▶ _Exercise directions_:
What's needed: every entry, printed exactly, minus the images.

▶ _Listed records_:
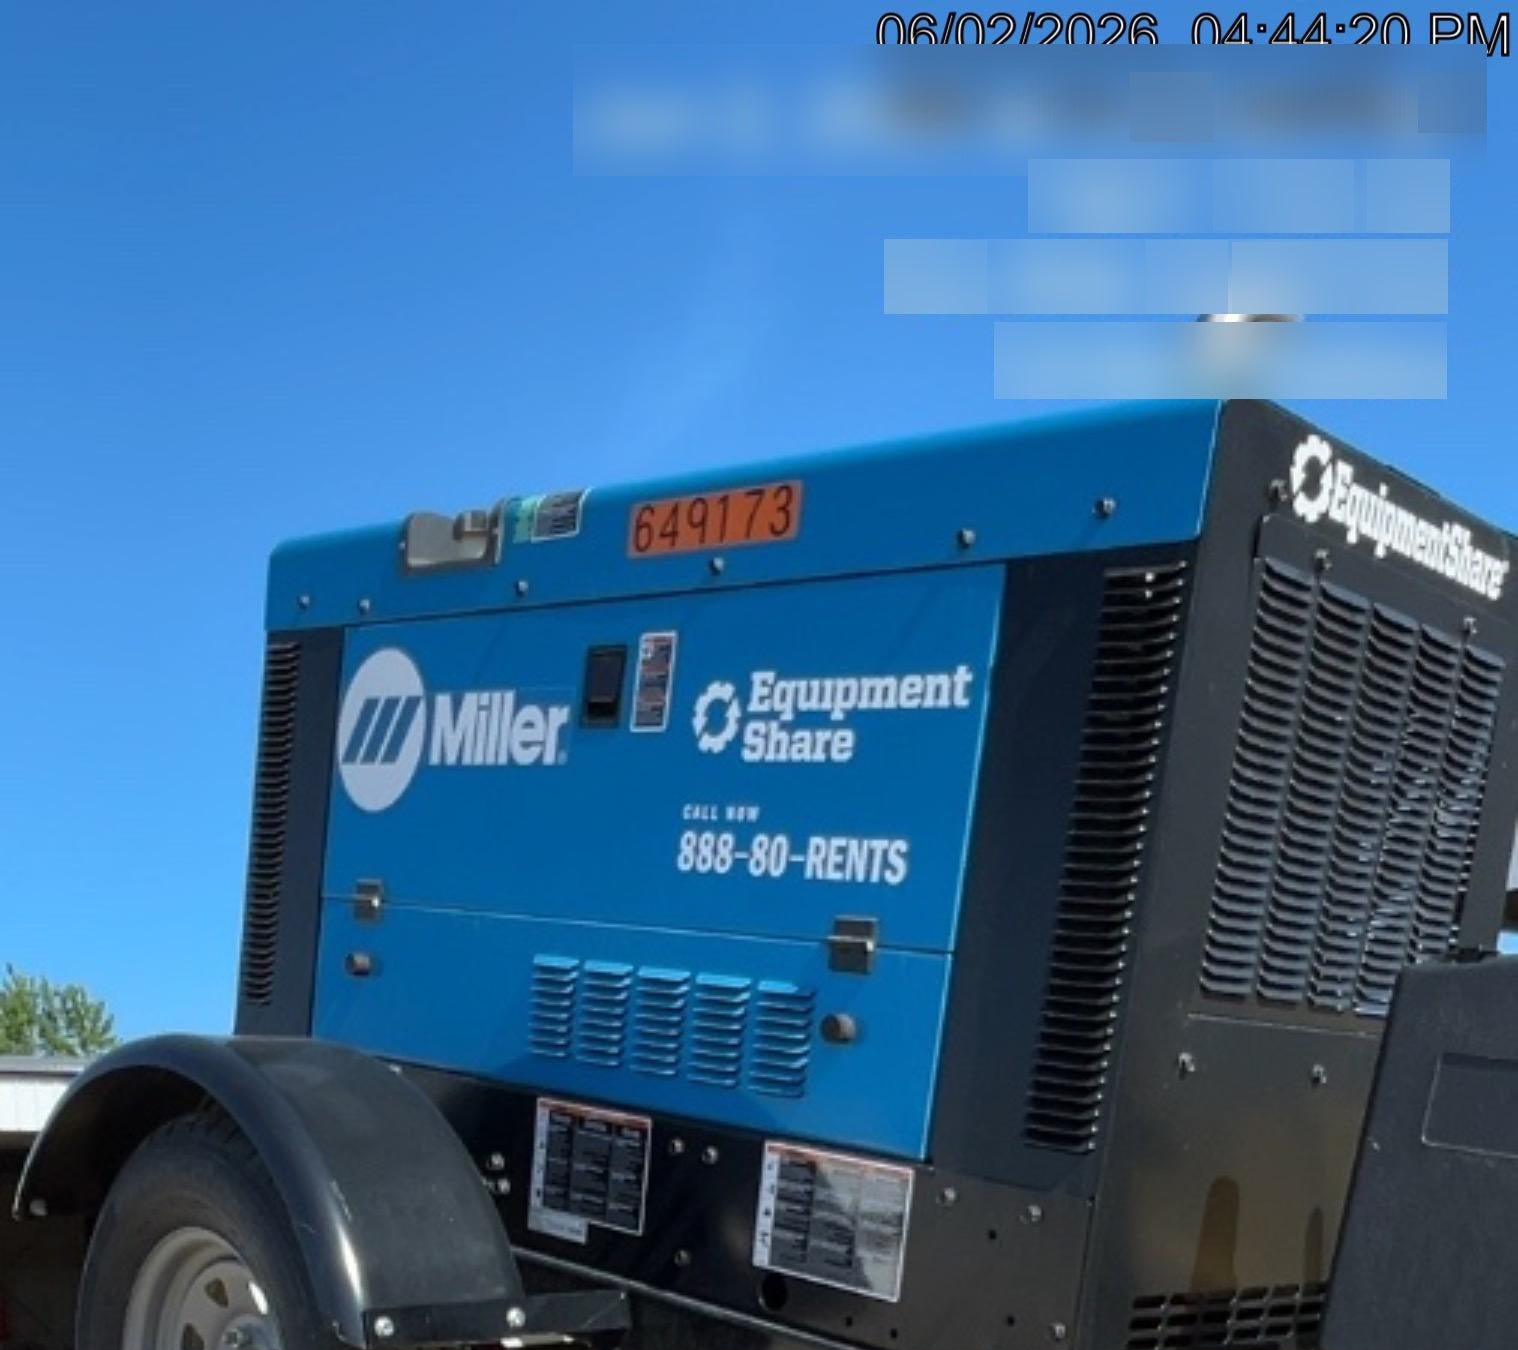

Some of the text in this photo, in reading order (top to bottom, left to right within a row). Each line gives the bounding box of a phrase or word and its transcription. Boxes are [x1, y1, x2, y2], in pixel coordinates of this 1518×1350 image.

[633, 485, 794, 553] 649173
[1328, 460, 1511, 602] EquipmentShare
[746, 664, 974, 722] Equipment
[428, 688, 571, 767] Miller
[740, 720, 856, 763] Share
[682, 803, 761, 823] CALL NOW
[676, 830, 909, 886] 888-80-RENTS
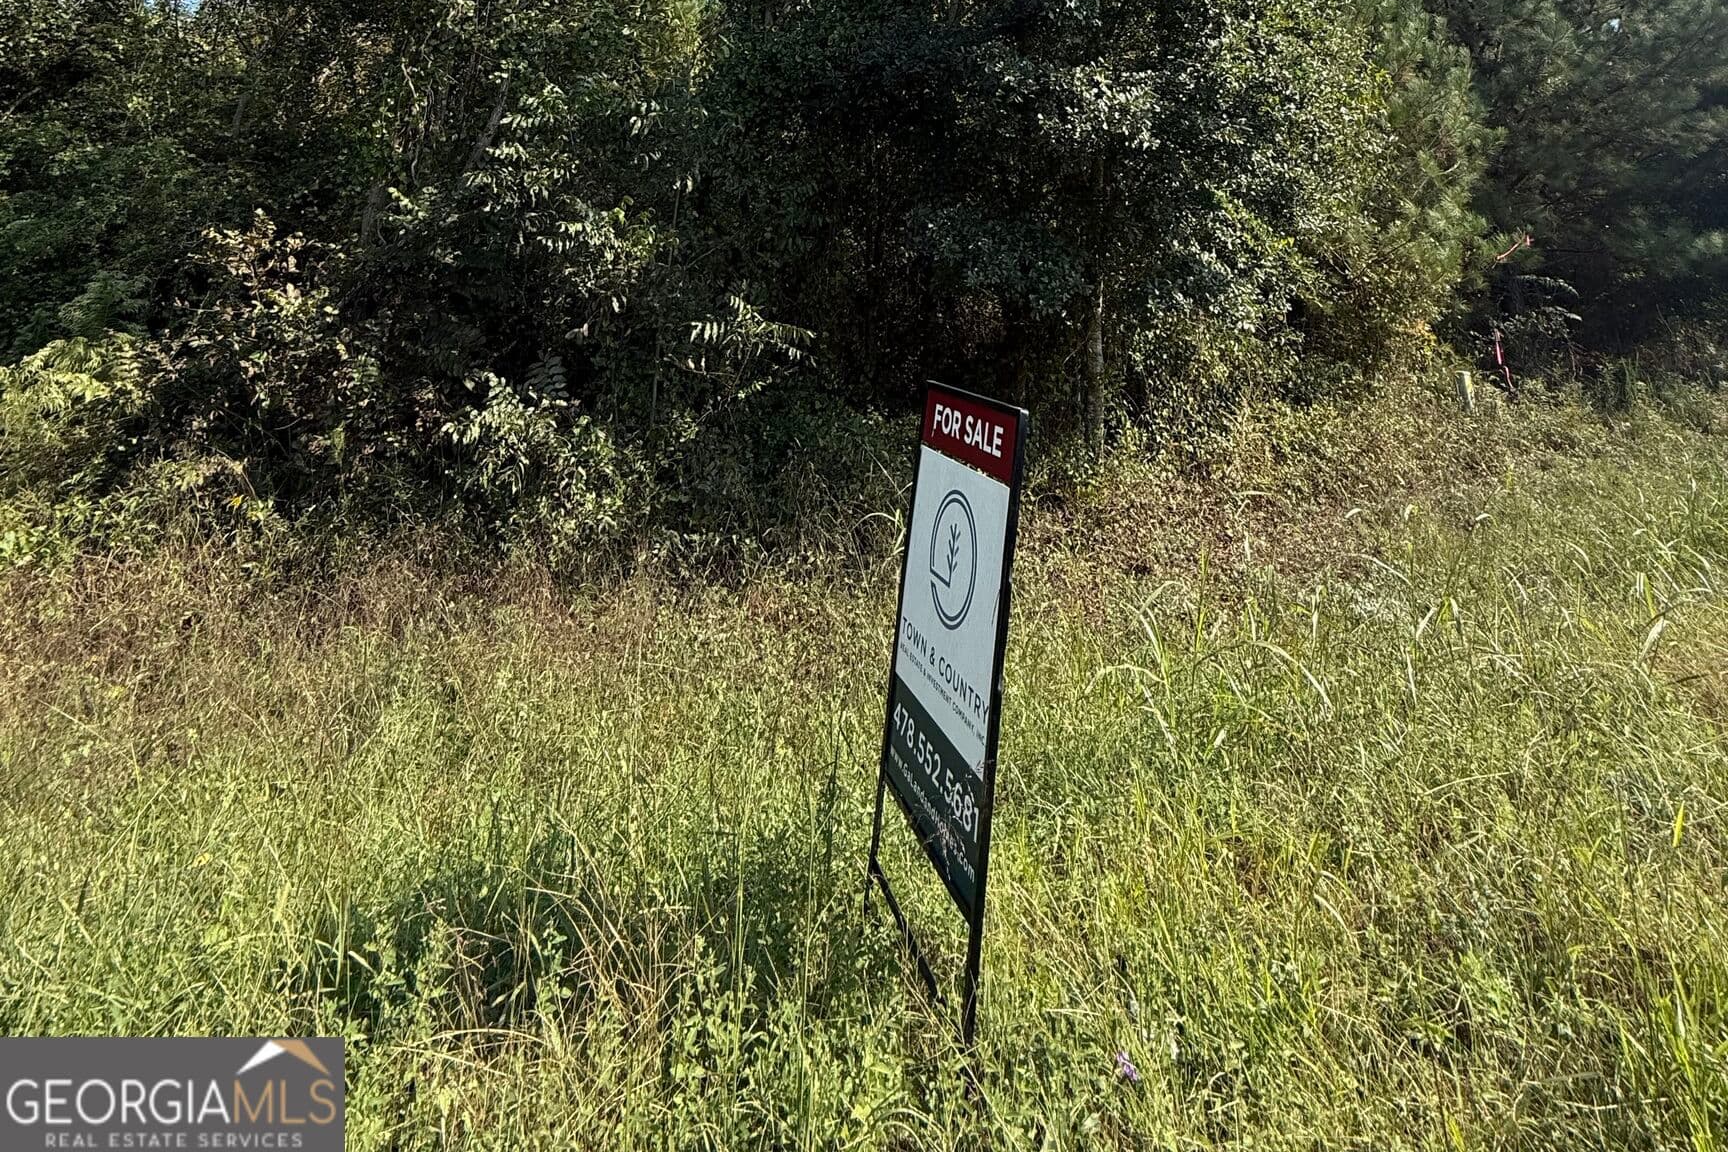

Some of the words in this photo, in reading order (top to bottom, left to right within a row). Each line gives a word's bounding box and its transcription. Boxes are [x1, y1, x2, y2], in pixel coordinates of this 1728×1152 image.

[933, 403, 962, 440] FOR
[964, 415, 1004, 458] SALE
[902, 616, 928, 658] TOWN
[929, 646, 936, 667] &
[938, 656, 989, 725] COUNTRY
[893, 702, 980, 844] 478.552.5681

▶ _Output of the task_:
Some of the text in this photo, in reading order (top to bottom, left to right within a row). Each line gives the bounding box of a phrase or word and its transcription. Boxes are [x1, y1, x2, y2], in pixel coordinates of this 1518×1350 image.

[633, 485, 794, 553] 649173
[1328, 460, 1511, 602] EquipmentShare
[746, 664, 974, 722] Equipment
[428, 688, 571, 767] Miller
[740, 720, 856, 763] Share
[682, 803, 761, 823] CALL NOW
[676, 830, 909, 886] 888-80-RENTS

Some of the words in this photo, in reading order (top to bottom, left to right within a row). Each line gives a word's bounding box and its transcription. Boxes are [x1, y1, x2, y2], in pixel coordinates of this 1728×1152 image.

[933, 403, 962, 440] FOR
[964, 415, 1004, 458] SALE
[902, 616, 928, 658] TOWN
[929, 646, 936, 667] &
[938, 656, 989, 725] COUNTRY
[893, 702, 980, 844] 478.552.5681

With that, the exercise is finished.